I was in Morocco working on grant funded research that investigated perceptions of stroke symptoms, risk factors, and subsequent treatment-seeking behavior in different communities. For many of the Moroccans I spoke to, the jinn that can live in the sink and harm you during the pasta-making process can also cause stroke-like symptoms. Symptoms classic of stroke include paralysis or numbness -- especially on one side of the body -- likely of the face, arm or leg, difficulty in understanding or producing speech, a splitting headache often accompanied by dizziness or nausea. I soon discovered how intertwined the perception of stroke symptoms were with cultural stigmas, taboos, and accepted norms.

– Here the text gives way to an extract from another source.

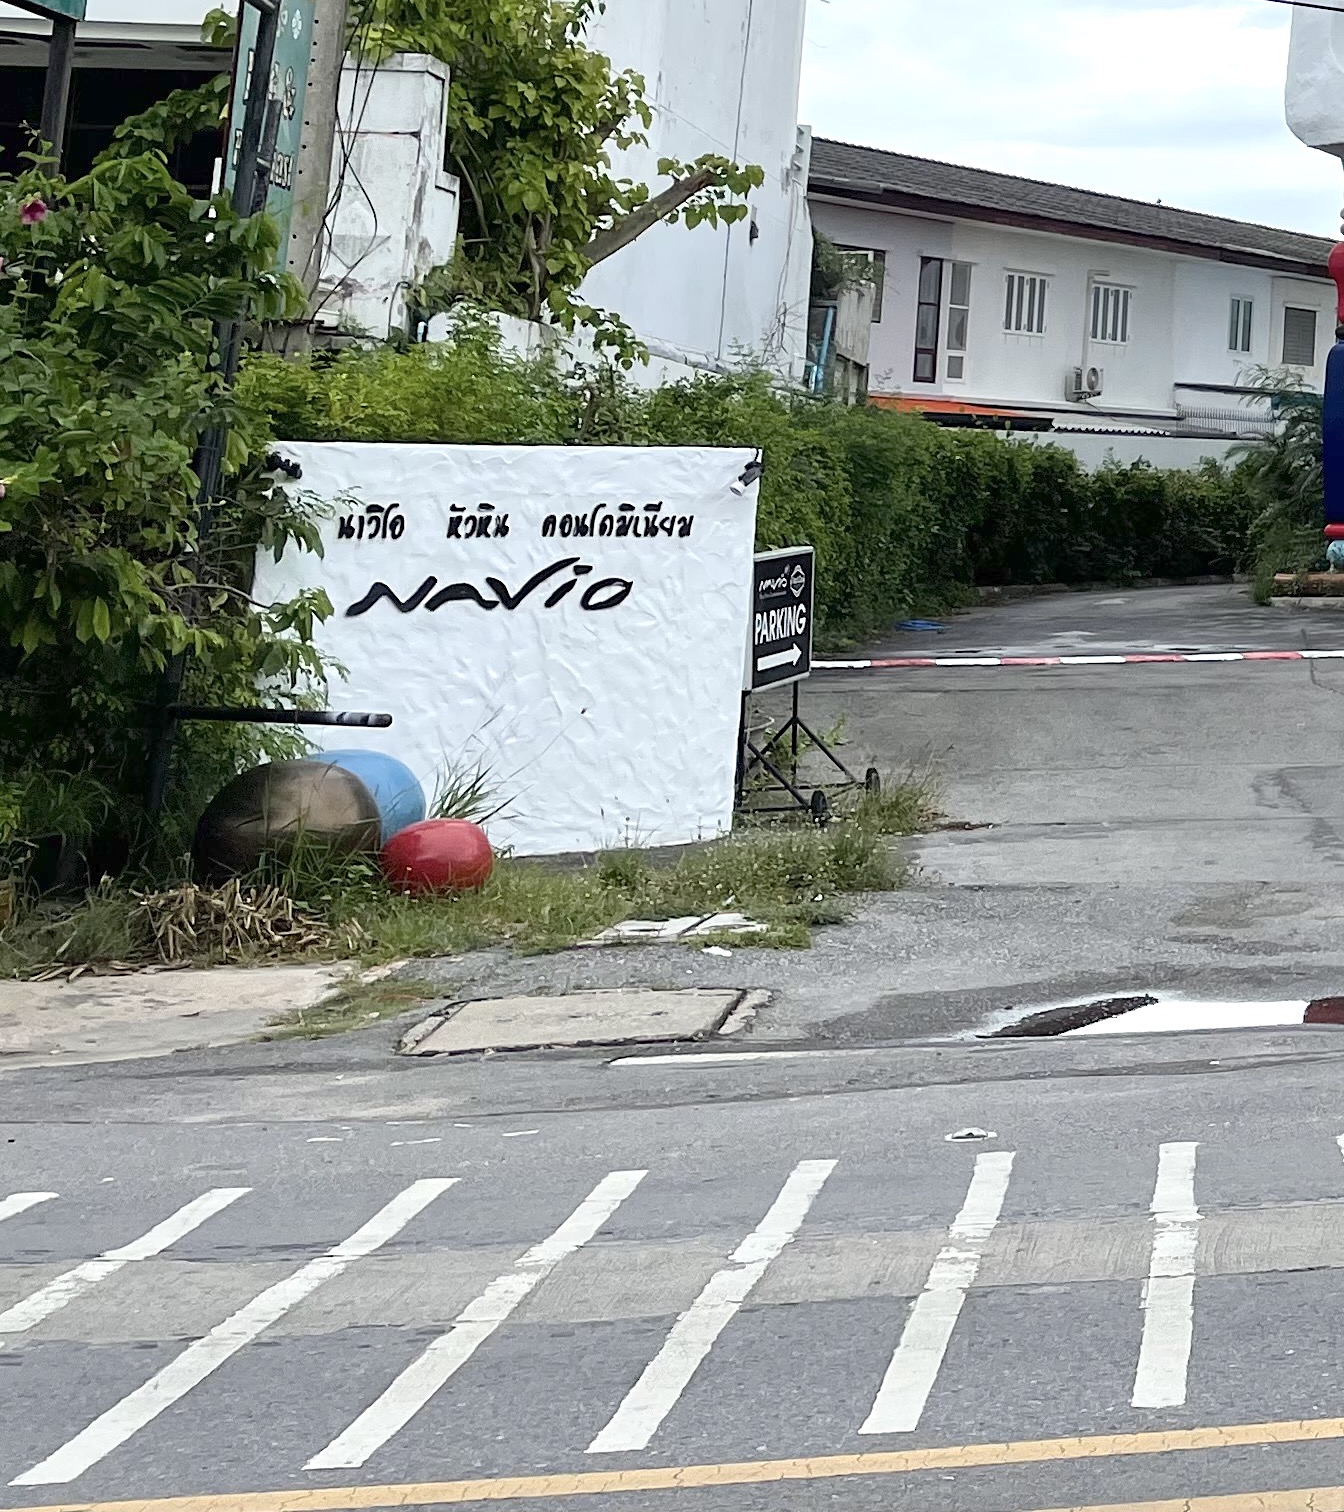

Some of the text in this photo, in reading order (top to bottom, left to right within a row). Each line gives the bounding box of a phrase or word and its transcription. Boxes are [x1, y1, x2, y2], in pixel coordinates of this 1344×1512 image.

Stroke is a disease of global proportion, a leading cause of death and disability worldwide, and its incidence is increasing. Many countries, Morocco included, do not have the resources for ubiquitous neurosurgical stroke treatment, so prevention is paramount to reduce stroke burden.

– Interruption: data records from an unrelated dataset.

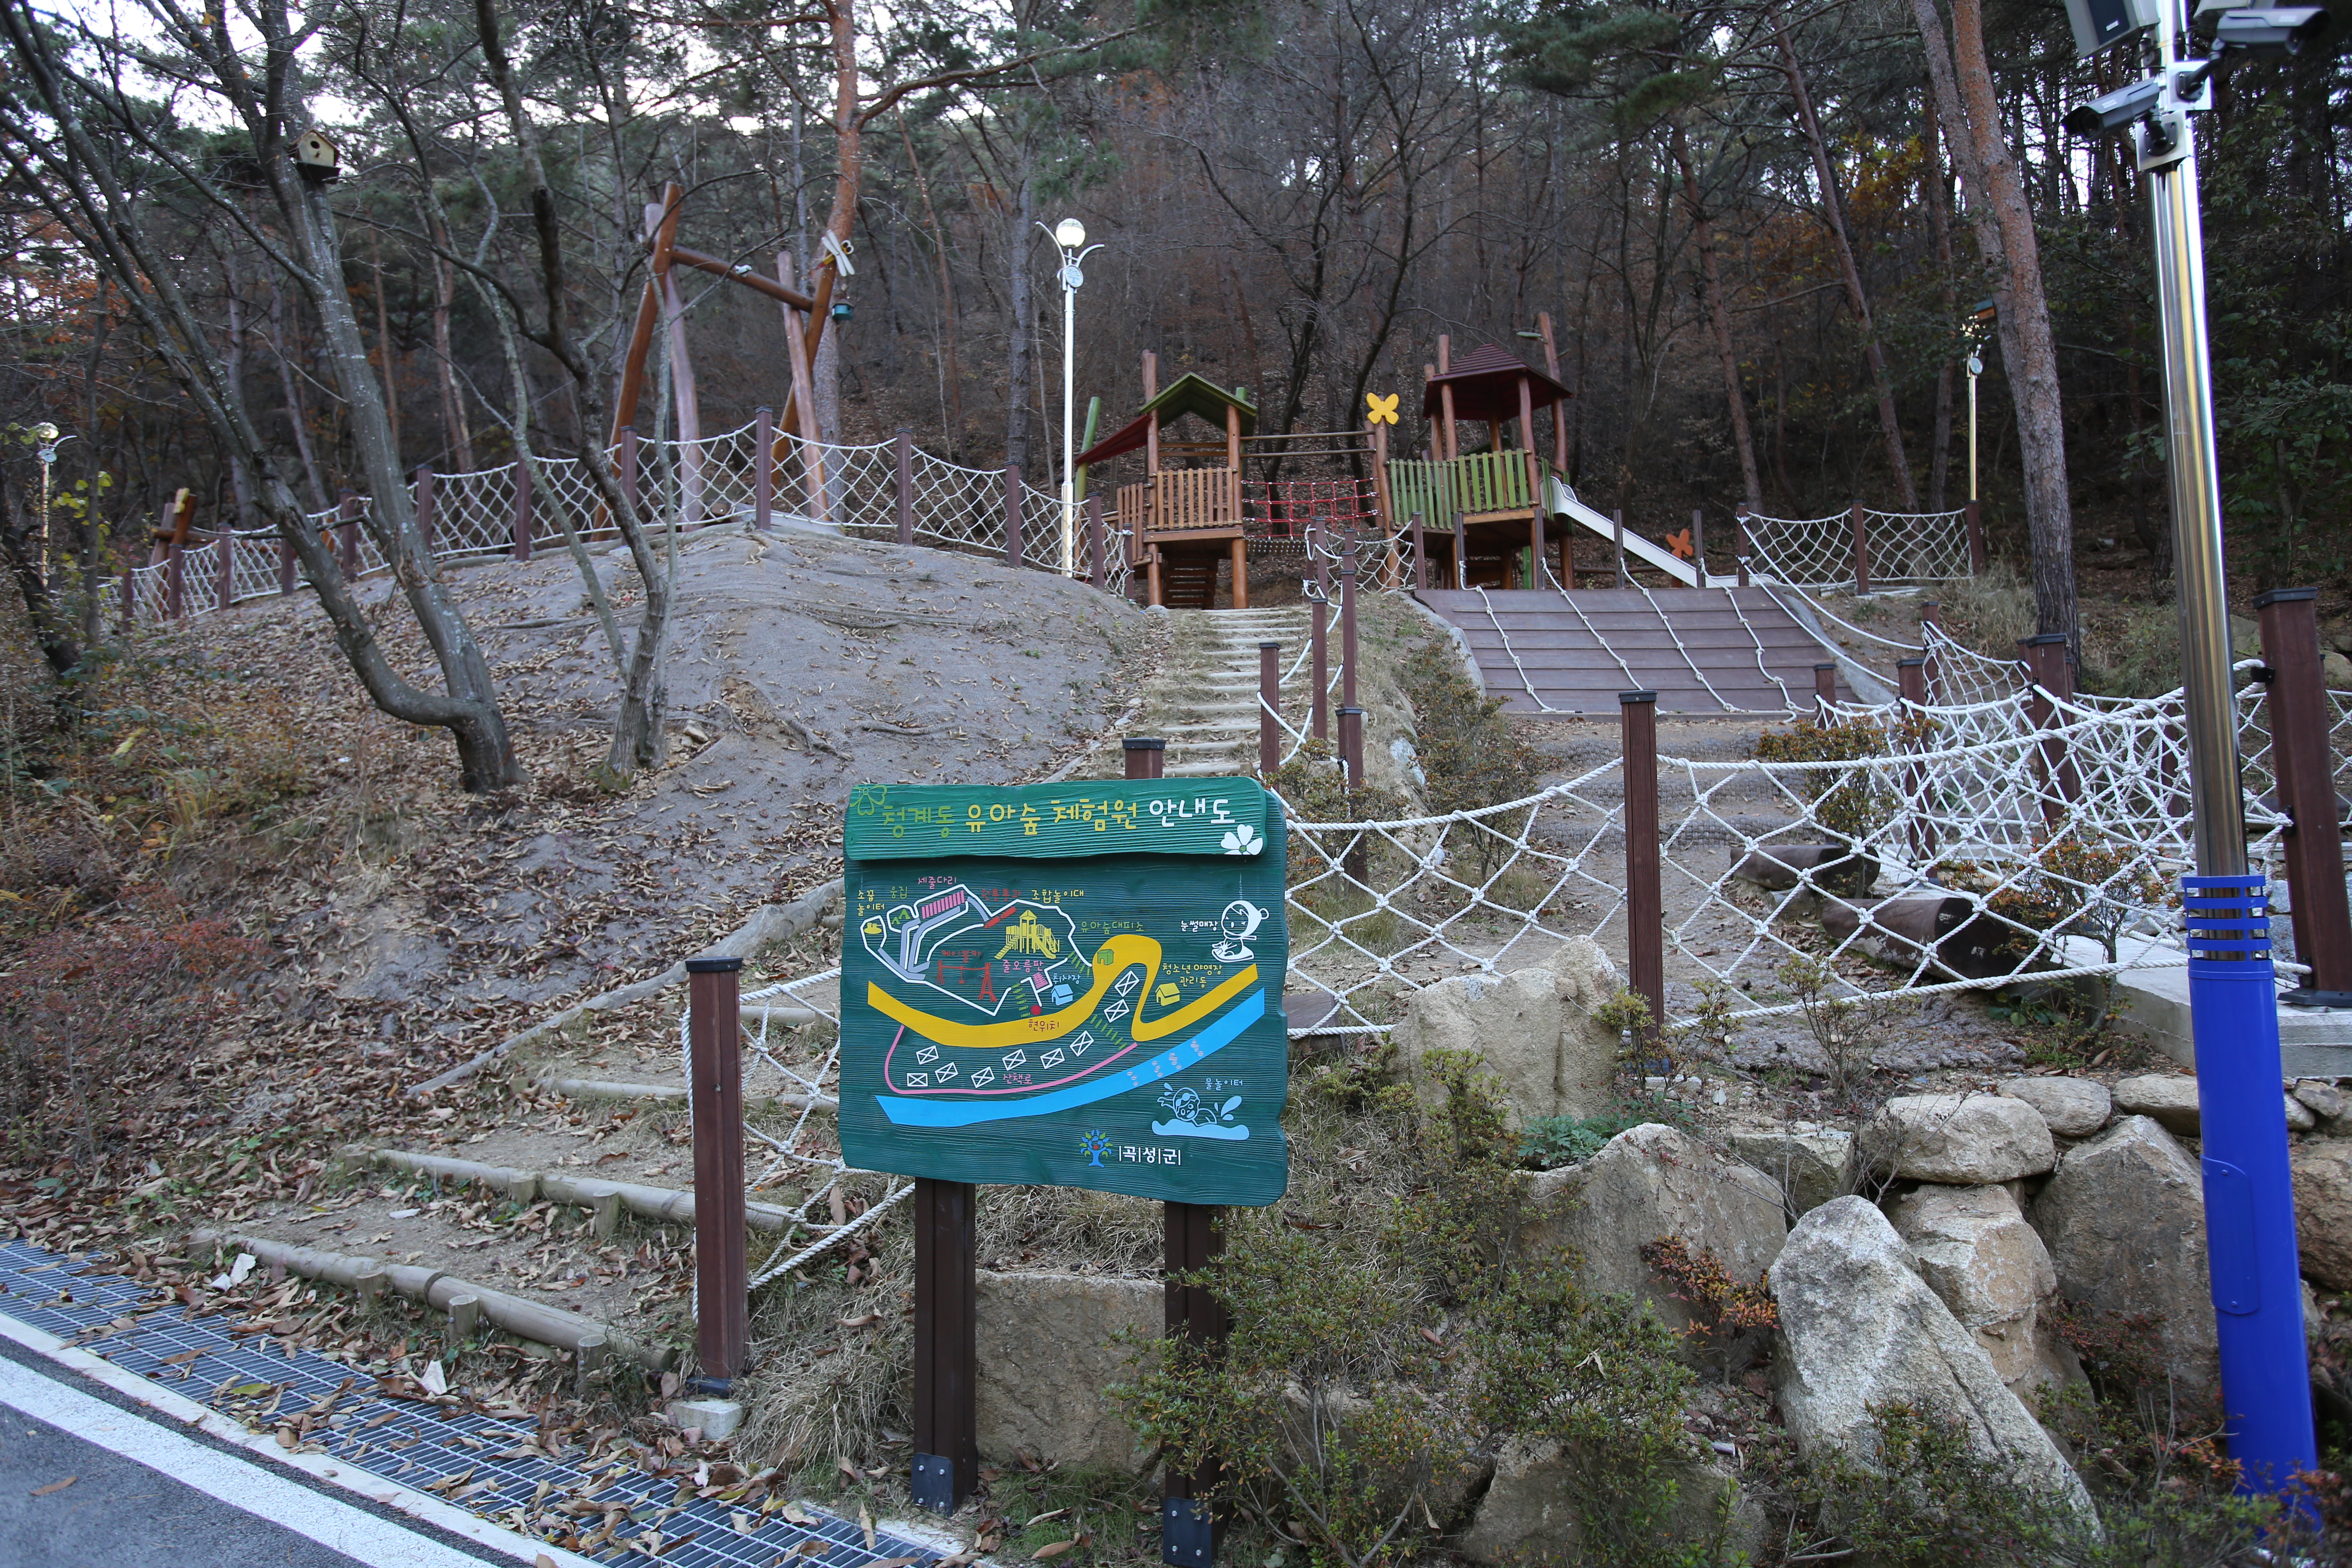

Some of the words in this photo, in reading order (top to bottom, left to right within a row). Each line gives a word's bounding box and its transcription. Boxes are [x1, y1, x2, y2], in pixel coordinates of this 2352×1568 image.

[882, 805, 955, 838] 청계동
[965, 803, 1041, 835] 유아숲
[1051, 798, 1137, 831] 체험원
[1149, 798, 1235, 827] 안내도
[890, 886, 907, 899] 움집
[857, 903, 885, 916] 놀이터
[1181, 920, 1218, 932] 눈썰매장
[941, 949, 982, 963] 케이블카
[1002, 959, 1044, 973] 줄오름판
[1053, 973, 1081, 984] 취사장
[1179, 976, 1207, 988] 관리동
[1029, 1019, 1059, 1032] 현위치
[1003, 1073, 1033, 1084] 산책로
[1205, 1078, 1243, 1090] 물놀이터

Prevention is coupled with awareness. With an understanding of stroke symptoms so entrenched in religious beliefs and day-to-day practices as basic as draining pasta water, how can you "educate" about stroke without fundamentally disrupting the cultural milieu in which that belief exists? How do you appreciate interconnected, complex patterns of behaviors and understanding that involves spirits -- both conscious and unconscious -- and appropriately introduce the biomedical perspective? Initially I thought it would be feasible to isolate stroke as a case not caused by evil spirits, but by an anatomical, physiological issue... Moments like my pasta experience forced me to question this assumption.

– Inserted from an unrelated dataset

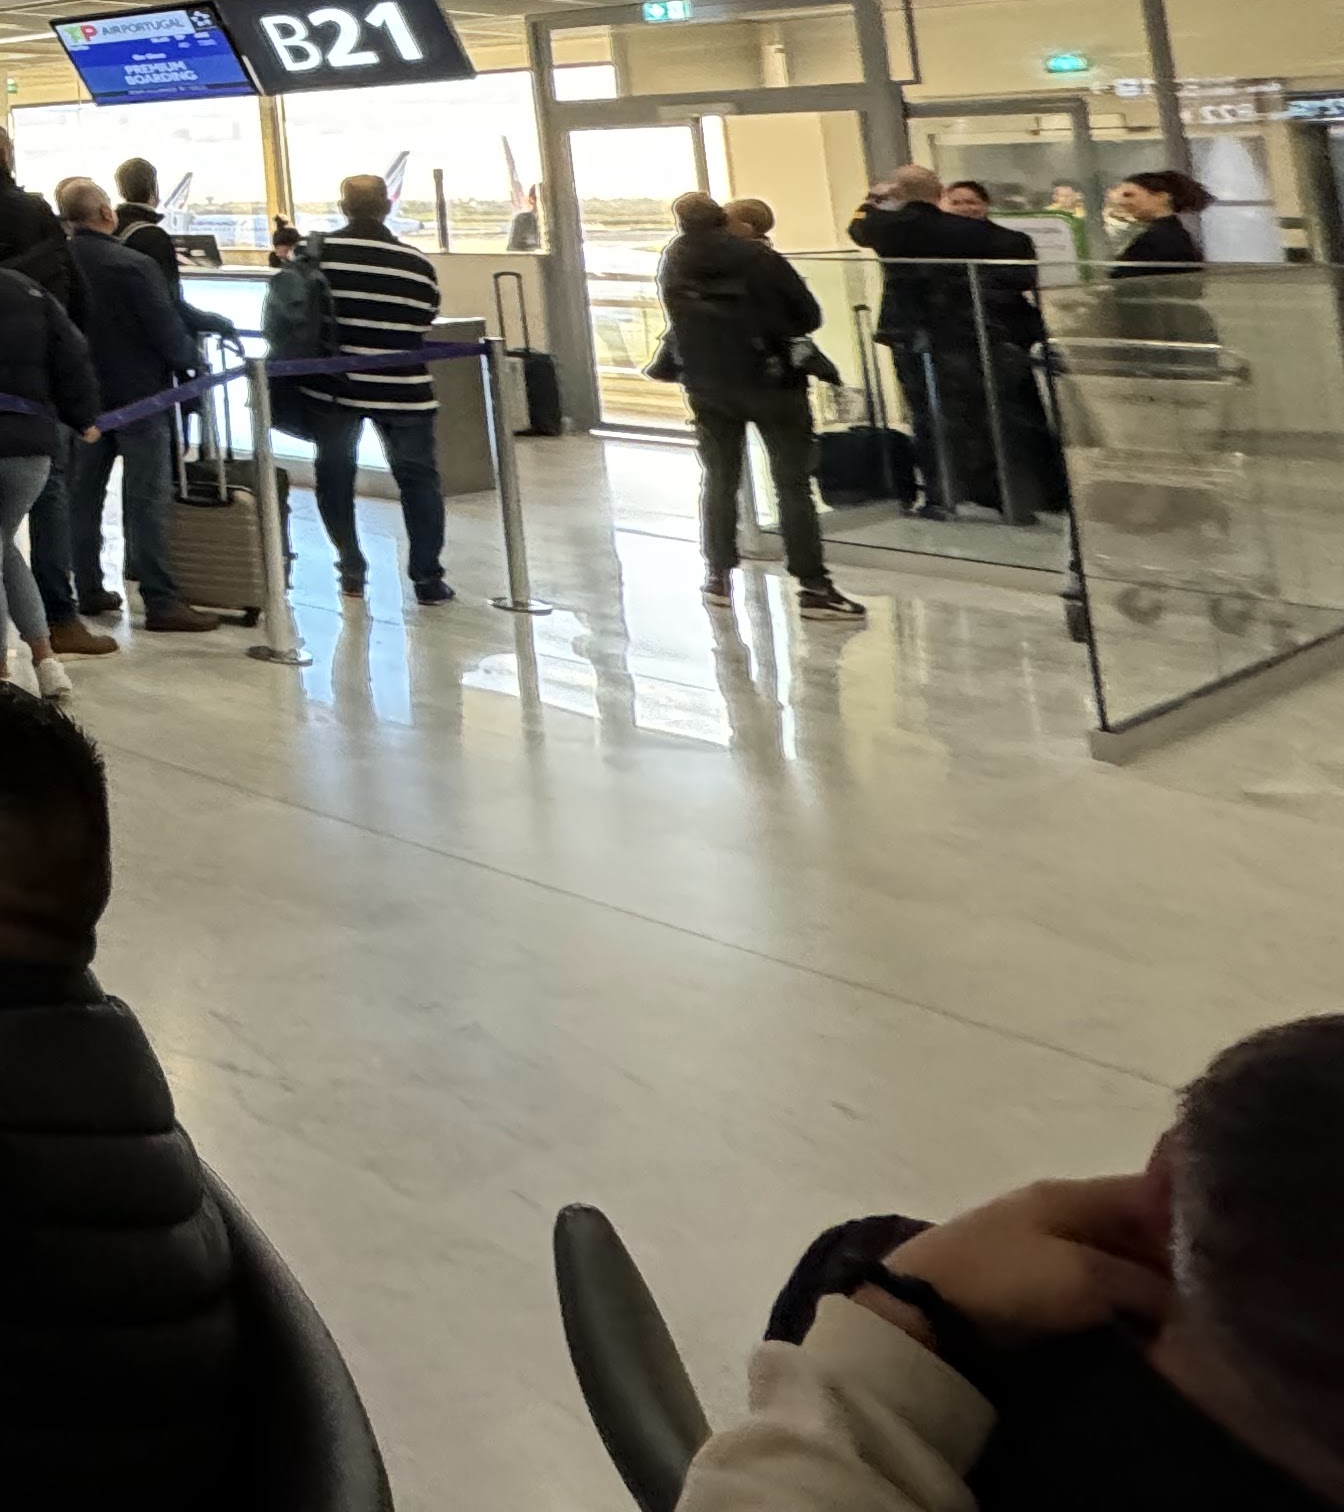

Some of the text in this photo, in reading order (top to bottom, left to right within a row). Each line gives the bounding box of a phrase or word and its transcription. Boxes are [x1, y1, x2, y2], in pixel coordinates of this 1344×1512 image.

[259, 1, 423, 71] B21
[124, 61, 187, 75] PREMIUM
[124, 70, 198, 85] BOARDING

Aisha had grown up in Morocco with a pharmacist father, went to an English-speaking school, and attended an elite college in the United States. Her reaction to her own "jinn reflex" elicited confusion and perhaps even embarrassment. She may question whether she truly believes in these spirits, but the superstitious practices accompanying this cultural belief are ingrained to the point of instinct. I was not expecting to see the tension between "biomedical modernity" and "cultural history" manifest in this manner. I wanted to teach Aisha how to make Italian pasta, but my pasta methods were inappropriate in her cultural context; Aisha's stress-reaction triggered by my lack of awareness of jinn was not such a big deal in the situation of two friends cooking pasta. But, what about a western doctor who is completely unaware of jinn and who is charged with treating and counseling a Moroccan community about stroke? What are the ramifications of that cultural impasse?

Such considerations are not restricted to health initiatives abroad: with immigrant and asylee-accepting states, and the influx of displaced persons across the globe due to turmoil, western physicians and systems will be increasingly confronted with differing cultural perceptions. Being conscious and sensitive to these disparate understandings of health will always be paramount to delivering culturally competent care.